───── Data extract ─────

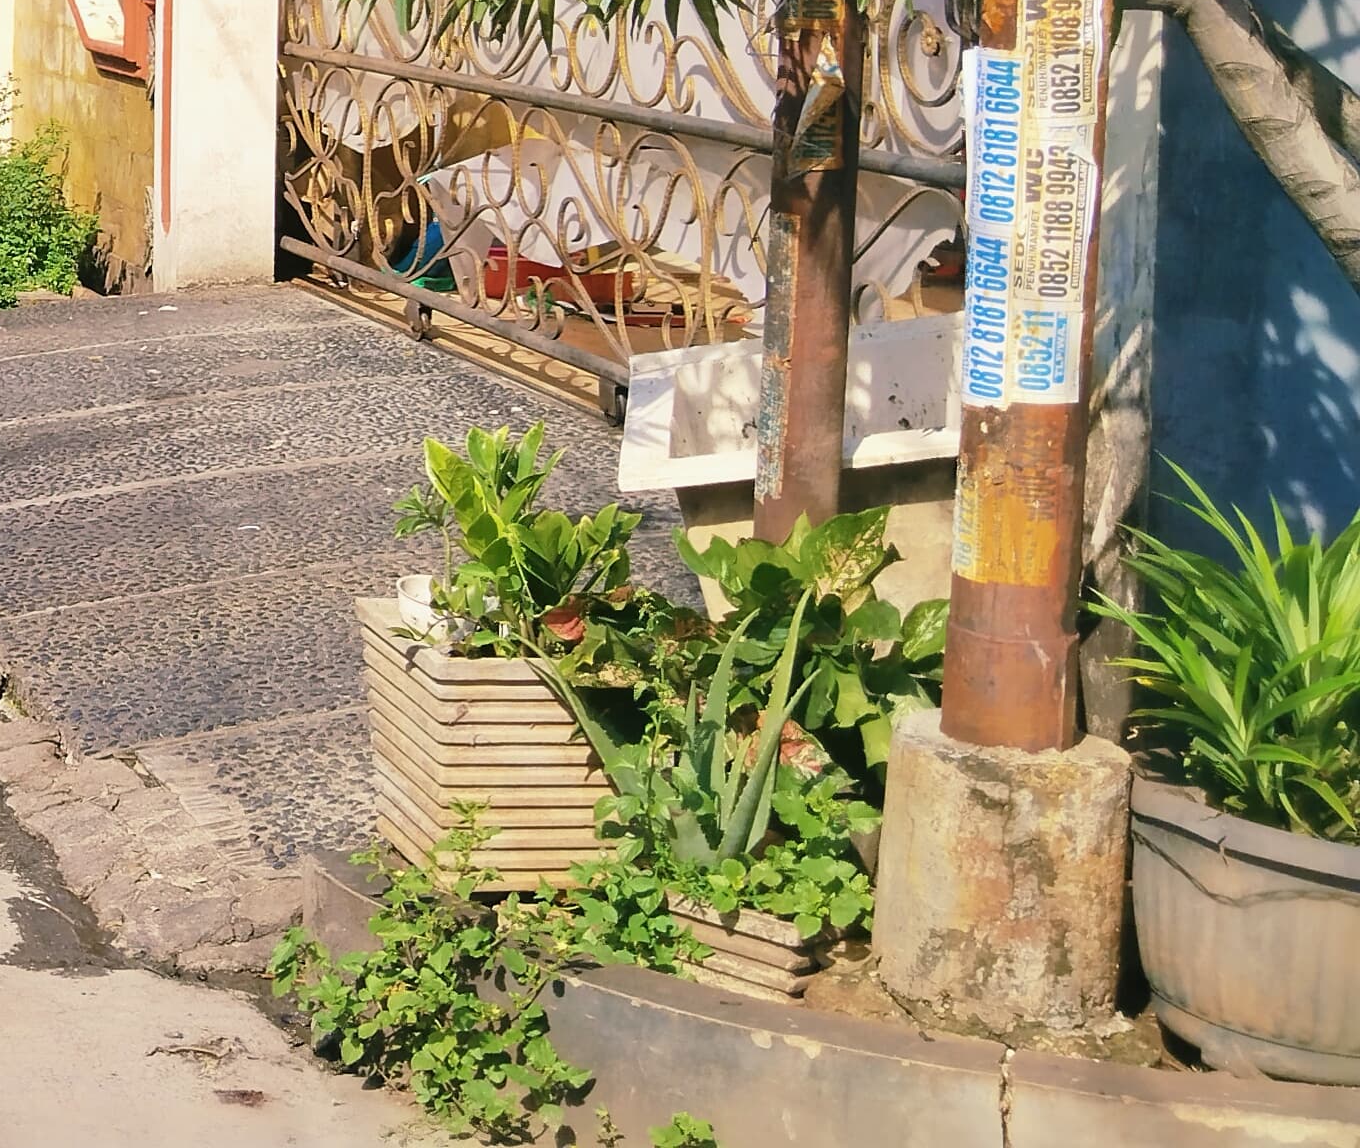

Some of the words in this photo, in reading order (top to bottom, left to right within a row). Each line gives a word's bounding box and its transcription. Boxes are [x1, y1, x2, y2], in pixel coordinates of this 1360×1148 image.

[1051, 18, 1081, 59] 1188
[984, 60, 1021, 114] 6644
[1051, 63, 1081, 114] 0852
[981, 118, 1018, 167] 8181
[1024, 147, 1044, 204] WC
[1044, 145, 1077, 195] 9943
[1076, 159, 1088, 208] GEMILAN
[979, 169, 1015, 223] 0812
[1041, 200, 1074, 244] 1188
[973, 235, 1009, 291] 6644
[1026, 209, 1039, 290] PENUH/MAMPET
[1037, 248, 1070, 298] 0852
[971, 294, 1007, 344] 8181
[969, 346, 1004, 399] 0812
[1017, 336, 1053, 391] 0852

─────

Exercise brief: Each entry, word for word, belongs in your answer; each picture does not.

Task response:
Some of the words in this photo, in reading order (top to bottom, left to right within a row). Each line gives a word's bounding box and its transcription. Boxes are [x1, y1, x2, y2], in pixel coordinates of this 1360×1148 image.

[1051, 18, 1081, 59] 1188
[984, 60, 1021, 114] 6644
[1051, 63, 1081, 114] 0852
[981, 118, 1018, 167] 8181
[1024, 147, 1044, 204] WC
[1044, 145, 1077, 195] 9943
[1076, 159, 1088, 208] GEMILAN
[979, 169, 1015, 223] 0812
[1041, 200, 1074, 244] 1188
[973, 235, 1009, 291] 6644
[1026, 209, 1039, 290] PENUH/MAMPET
[1037, 248, 1070, 298] 0852
[971, 294, 1007, 344] 8181
[969, 346, 1004, 399] 0812
[1017, 336, 1053, 391] 0852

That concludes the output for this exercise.